Today we’ll be having a conversation about his newest book “The Wood Between the Worlds: A Poetic Theology of the Cross”
CONVERSATION QUESTIONS:
While most books on the cross or atonement try to “sum up” or find a specific mechanism for the cross but in this book you go the route of mystery and contemplation through beauty and poetics, while also being exegetical and theological. Please explain why you wrote this book? Also, explain the title “The Wood Between the Worlds”.
In chapter 2 you talk about the singularity of Good Friday in how it is tied to forgiveness but you also bring out the idea from NT Wright about how we have paganized our atonement theology. How has our atonement theology been paganize resulting in certain views of how God forgives?
You have a chapter on what the Cross meant to Jesus? How did he understand His death? (Chapter 9)
Let’s venture into a bit of the political nature of the cross. Quite a few of your chapters from 10 on deal with how Jesus’ death exposes the Powers and Empire. I love your connections to the ring of power from the LOTR in chapter 10, how does this image connect to the cross? (This is very applicable in this election season!)
In chapter 11 “The War is over” you say “Jesus is the Prince of Peace who died on the cross refusing to wage war upon his enemies. Now we are called to live as citizens of his peaceable kingdom no matter what the rest of the world does.” Walk us through this idea.
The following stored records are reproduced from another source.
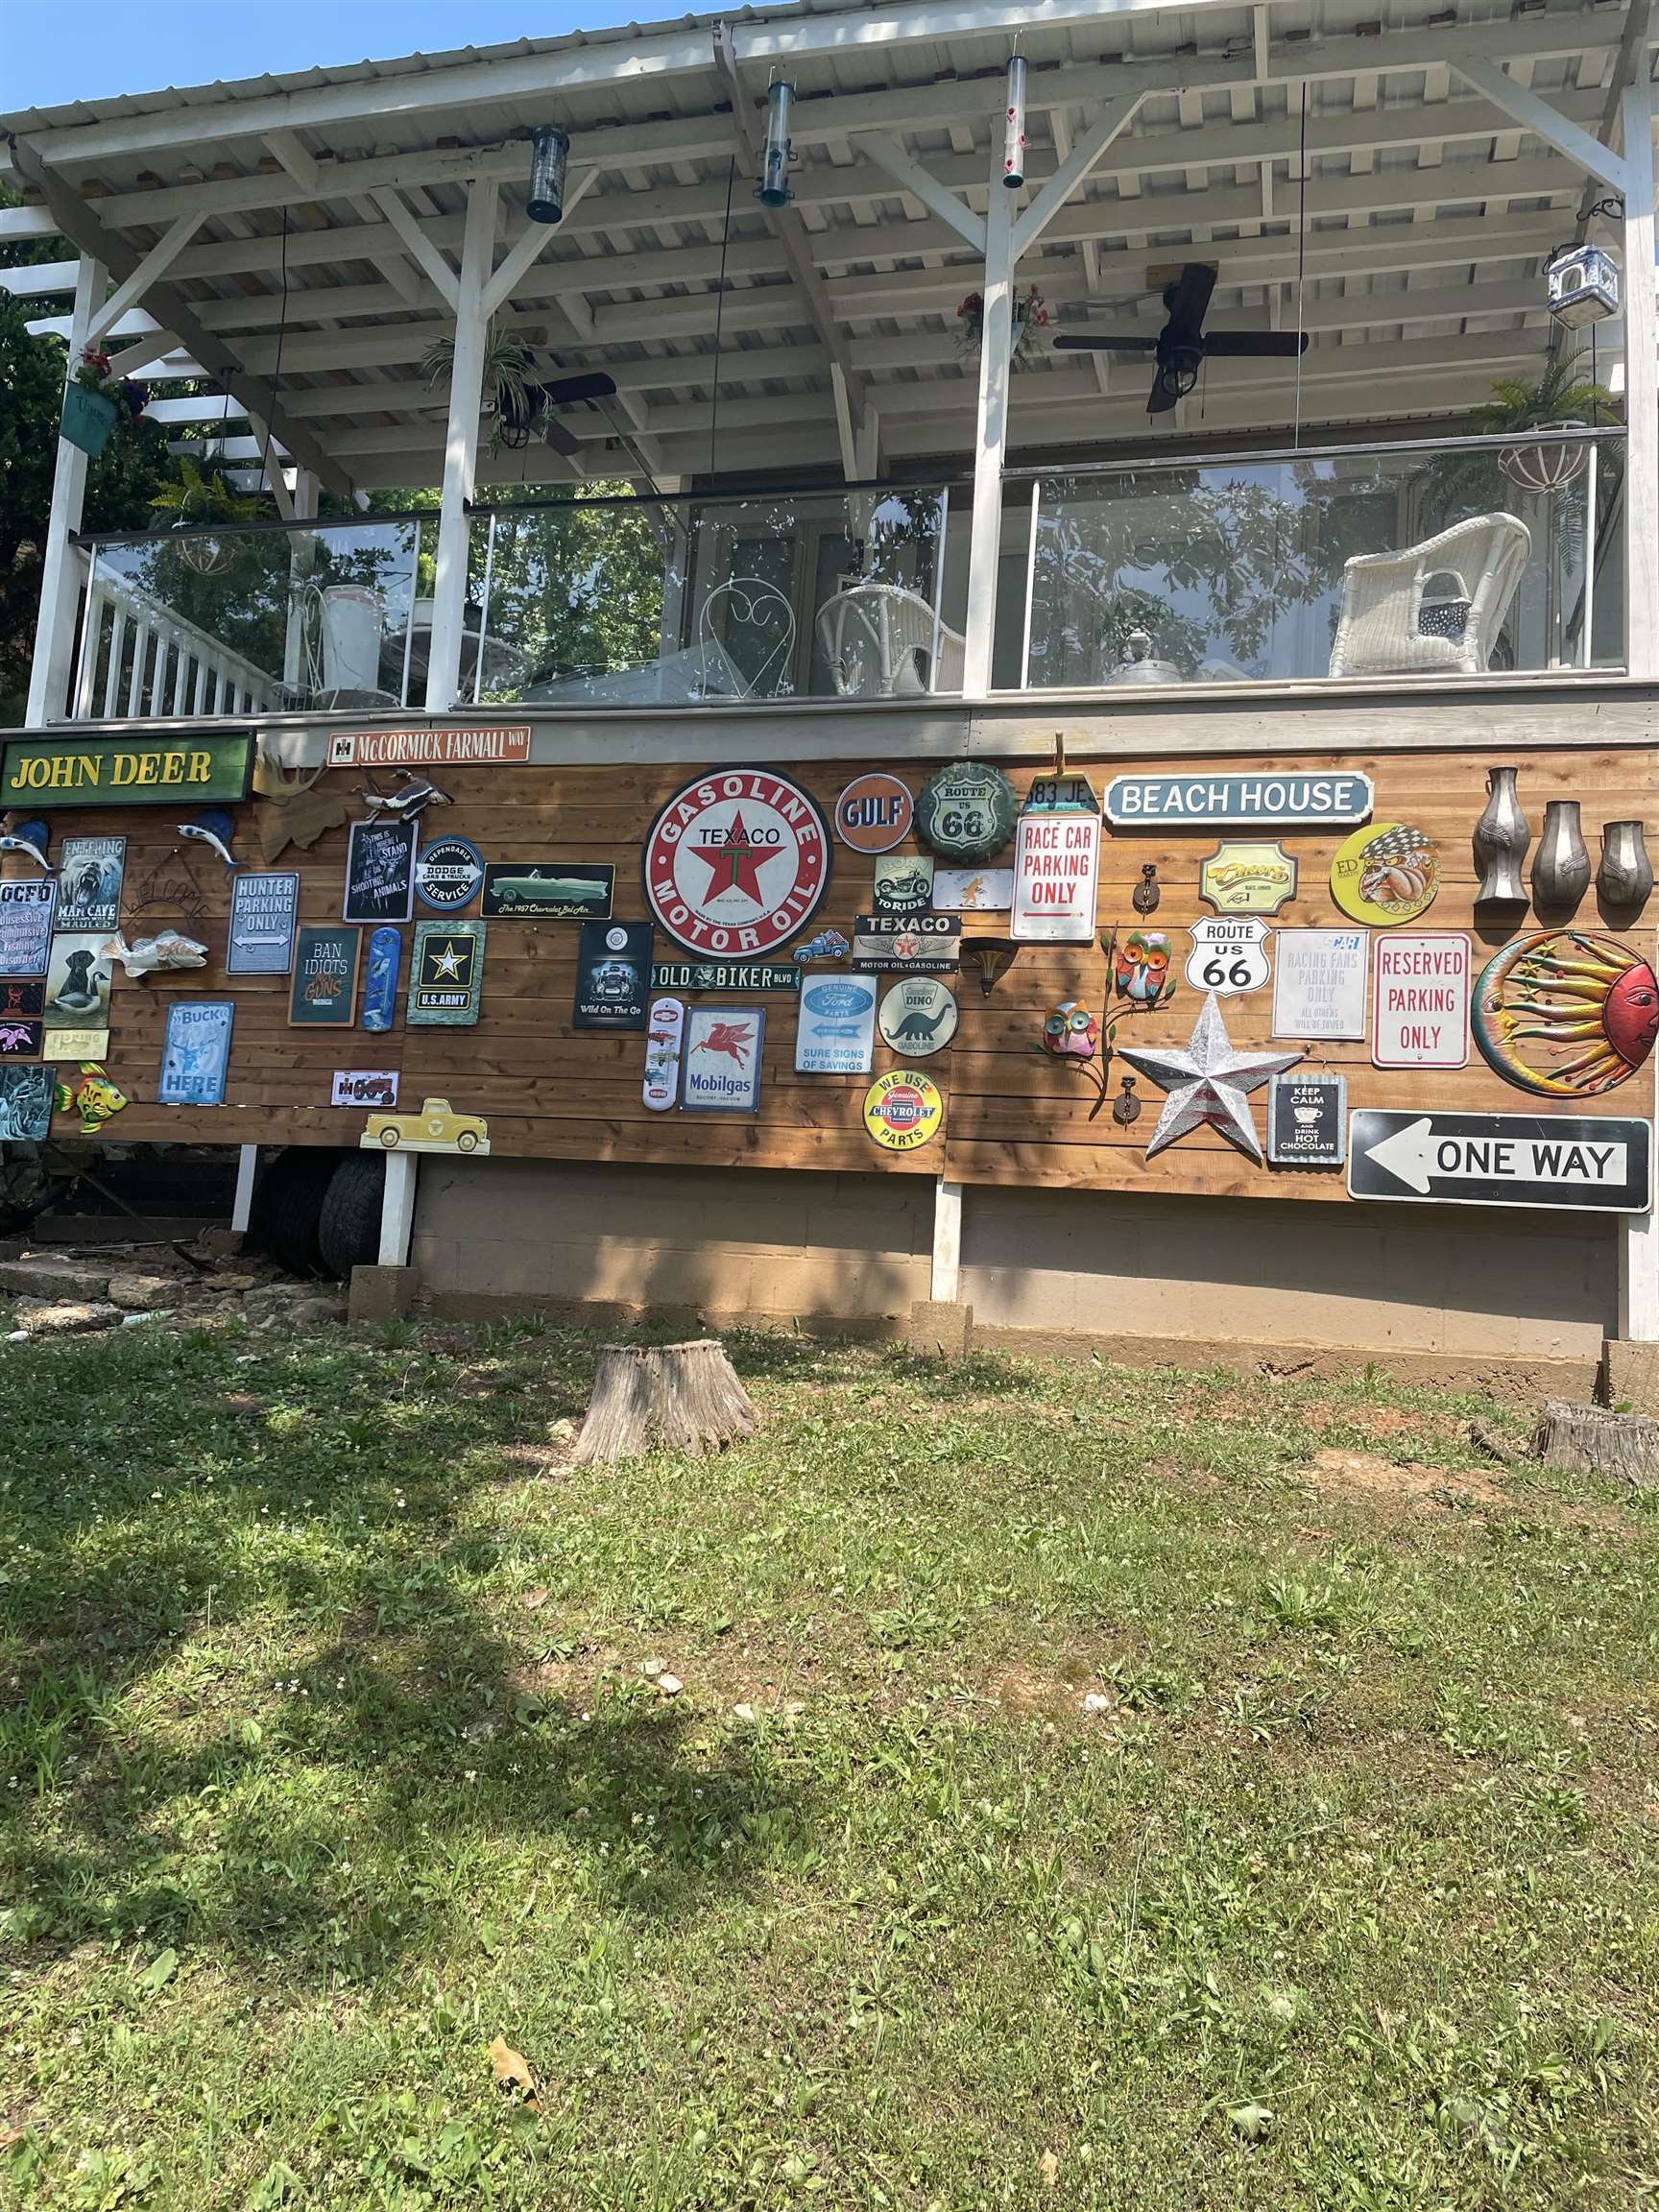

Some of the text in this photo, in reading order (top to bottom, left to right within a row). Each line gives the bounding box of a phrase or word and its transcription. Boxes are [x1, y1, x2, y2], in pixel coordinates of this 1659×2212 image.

[357, 731, 524, 761] McCORMICK FARMALL WAY
[11, 752, 211, 789] JOHN DEER
[945, 788, 987, 797] ROUTE
[1121, 781, 1354, 813] BEACH HOUSE
[660, 776, 818, 846] GASOLINE
[843, 796, 904, 828] GULF
[942, 811, 984, 837] 66
[699, 829, 780, 845] TEXACO
[1025, 827, 1092, 849] RACE CAR
[65, 841, 123, 855] ENTERING
[382, 842, 408, 859] STAND
[428, 845, 470, 861] DEPENDABLE
[1024, 855, 1090, 877] PARKING
[1335, 859, 1358, 873] ED
[239, 879, 293, 897] HUNTER
[351, 876, 384, 894] SHOOTING
[373, 879, 407, 899] ANIMALS
[425, 883, 469, 901] SERVICE
[1031, 882, 1076, 903] ONLY
[87, 904, 115, 916] CAVE
[235, 898, 292, 913] PARKING
[498, 904, 514, 913] The
[878, 898, 926, 913] TO RIDE
[654, 879, 816, 950] MOTOR OIL
[60, 920, 110, 928] MAULED
[247, 916, 278, 931] ONLY
[867, 917, 950, 932] TEXACO
[1207, 926, 1254, 938] ROUTE
[314, 943, 342, 958] BAN
[1215, 946, 1243, 955] US
[305, 960, 348, 974] IDIOTS
[1287, 952, 1358, 969] RACING FANS
[1382, 952, 1463, 975] RESERVED
[660, 967, 791, 987] OLD BIKER BLVD
[1203, 959, 1251, 987] 66
[1298, 969, 1345, 985] PARKING
[305, 979, 342, 1000] GUNS
[1308, 987, 1334, 1003] ONLY
[821, 994, 854, 1006] Ford
[906, 997, 932, 1005] DINO
[1388, 990, 1455, 1012] PARKING
[182, 1010, 219, 1024] BUCK
[581, 1005, 599, 1014] Wild
[1401, 1026, 1441, 1048] ONLY
[803, 1048, 864, 1059] SURE SIGNS
[898, 1042, 934, 1050] GASOLINE
[803, 1060, 862, 1070] OF SAVINGS
[167, 1075, 217, 1092] HERE
[689, 1074, 751, 1095] Mobilgas
[879, 1073, 929, 1093] WE USE
[1294, 1087, 1320, 1095] KEEP
[888, 1090, 919, 1099] Genuine
[873, 1106, 932, 1118] CHEVROLET
[880, 1128, 924, 1145] PARTS
[1437, 1141, 1616, 1179] ONE WAY
We just did a 2 part series looking at Isaiah 53 and something in those episodes we touched on was the idea of scapegoating. In chapter 12: The Sacrifice to end all sacrifice, you also look at scapegoating- about how we often demand a victim but God does not. Please speak a little on scapegoating, sacrifice, and the cross.
This also ties into your chapter 13 on the lynching of the Son of Man- how the cross was a lynching. And how the cross deals with capital punishment in chapter 14. It seems like the modern church is so far from the early church in this view and maybe we need to look more closely at the cross.
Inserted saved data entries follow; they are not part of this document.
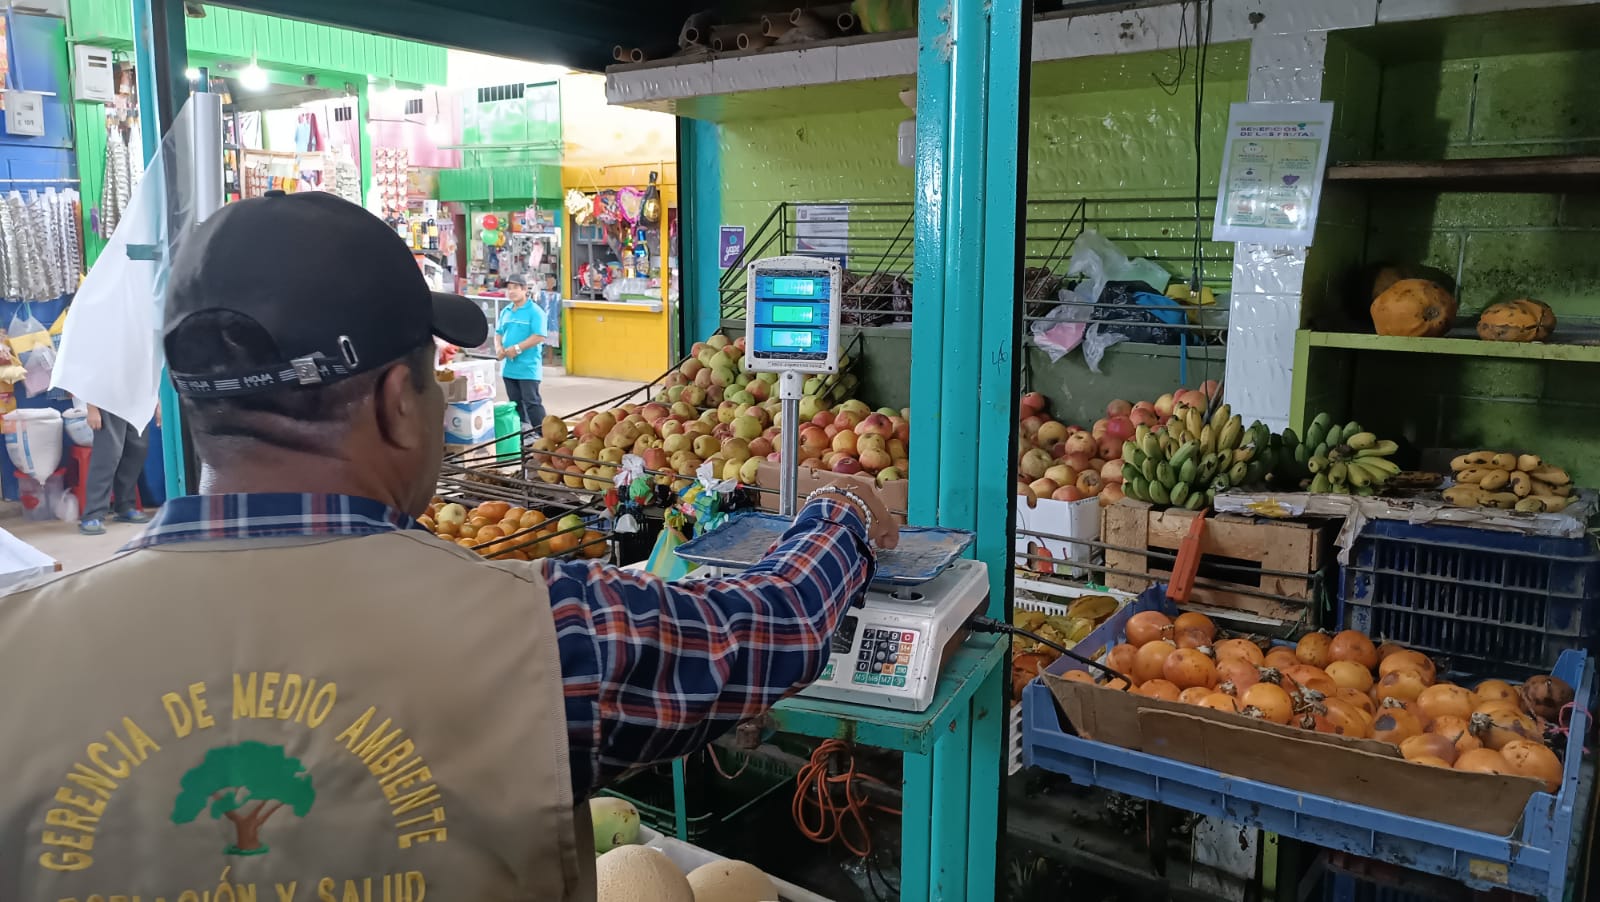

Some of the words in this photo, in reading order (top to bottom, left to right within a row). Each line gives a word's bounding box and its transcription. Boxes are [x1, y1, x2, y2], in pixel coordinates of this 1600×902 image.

[891, 632, 898, 640] 9
[864, 641, 870, 649] 4
[889, 643, 896, 651] 6
[859, 662, 866, 670] 0
[39, 716, 161, 872] GERENCIA
[161, 681, 215, 738] DE
[232, 671, 337, 728] MEDIO
[335, 706, 447, 849] AMBIENTE
Chapter 17 is called the Harrowing of Hell. It’s all about Holy Saturday and resurrection, and how “the death of God dooms death”. Speak to us a little about this because I feel this is a downplayed thing or ignored often in the evangelical church.
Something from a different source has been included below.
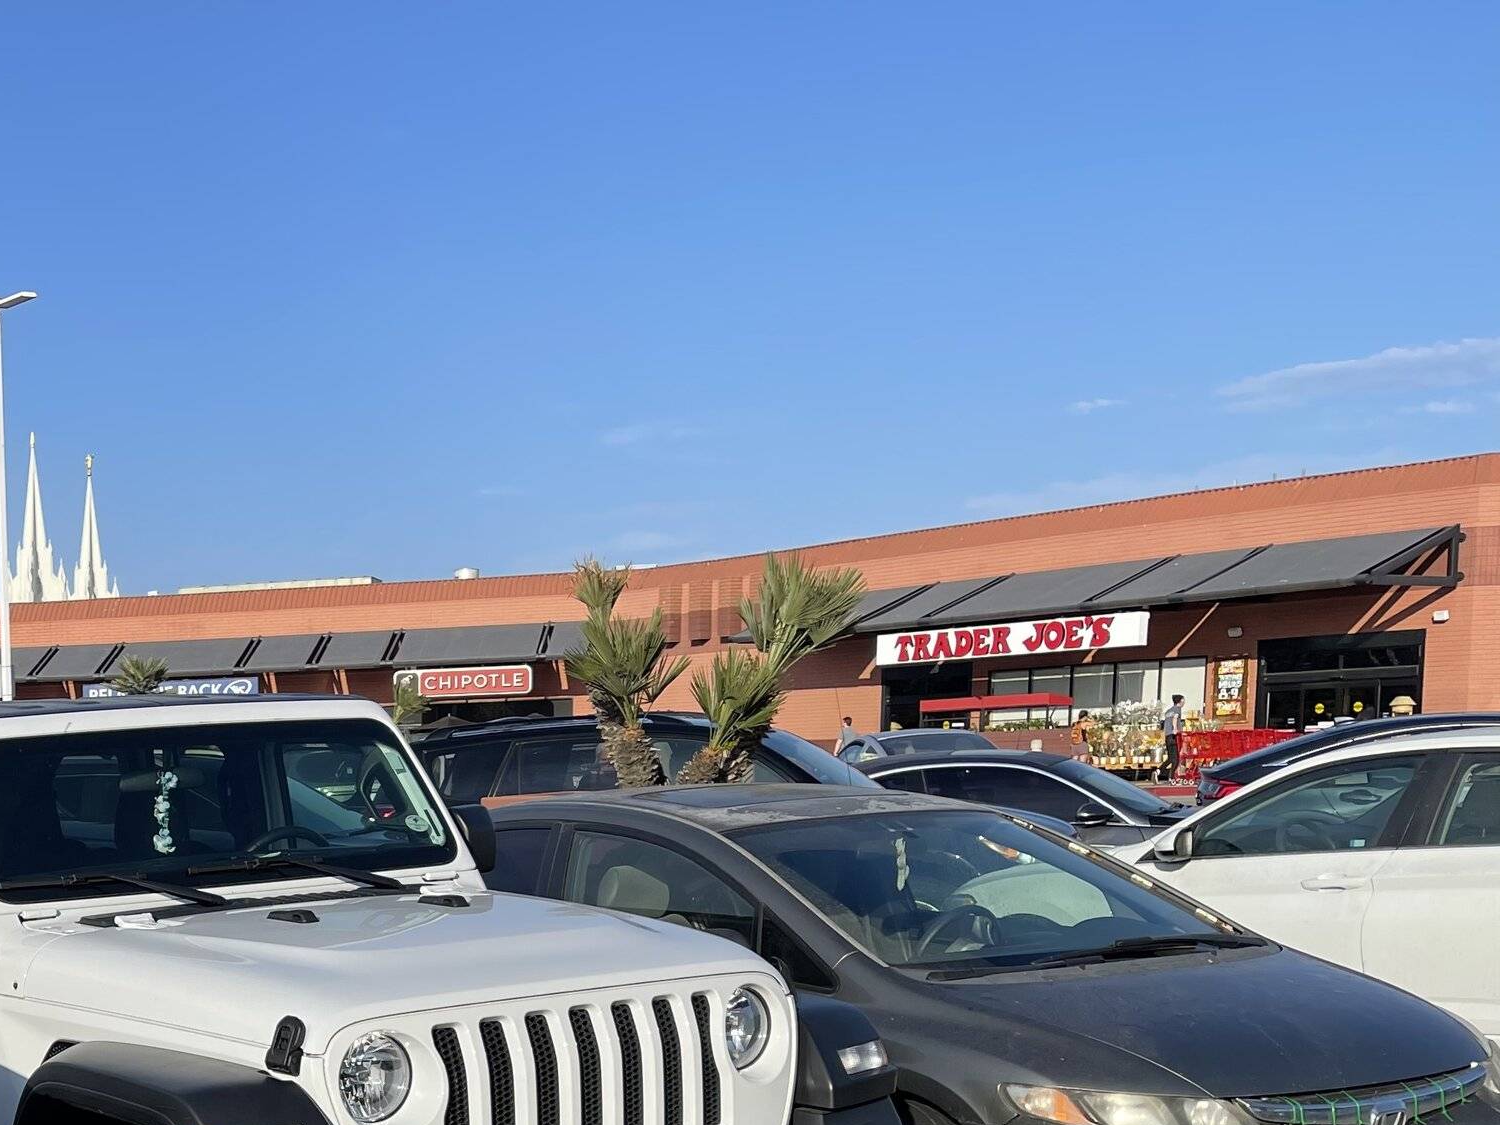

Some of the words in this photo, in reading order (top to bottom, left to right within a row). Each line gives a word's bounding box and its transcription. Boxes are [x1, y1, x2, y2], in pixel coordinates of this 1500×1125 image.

[894, 626, 1012, 662] TRADER
[1023, 615, 1115, 651] JOE'S
[177, 683, 222, 695] BACK
[424, 673, 525, 690] CHIPOTLE
Chapter 18 is the Lamb upon the throne. It talks all about Revelation and also the way God rules the world. What does the cross tell us about how God chooses to rule the world?
We believe the cross is something we’ll never fully get to the bottom of. But I do love how you explain it in your intro:
The cross is the pinnacle of divine disclosure, the eternal moment of forgiveness, divine solidarity with human suffering, the enduring model of discipleship, the supreme demonstration of divine love, the beauty that saves the world, the re-founding of the world around the axis of love, the overthrow of the satan, the shaming of the principalities and Powers, the unmasking of mob violence, the condemnation of state violence, the expose of political power, the abolition of war, the sacrifice to end sacrificing, the great divide of humankind, the healing center of the cosmos, the death by which death is conquered, the lamb upon the throne, the tree of life recovered and revealed. And with this brief list of interpretations, I’ve come nowhere near exhausting the meaning of the cross, for indeed the crucifixion of Jesus is an inexhaustible revelation of who God is.
For those who are set in stone on their one mechanical way to view the cross what is you message to them… or even to the church on how we can usher God’s people into a more beautiful view of the cross?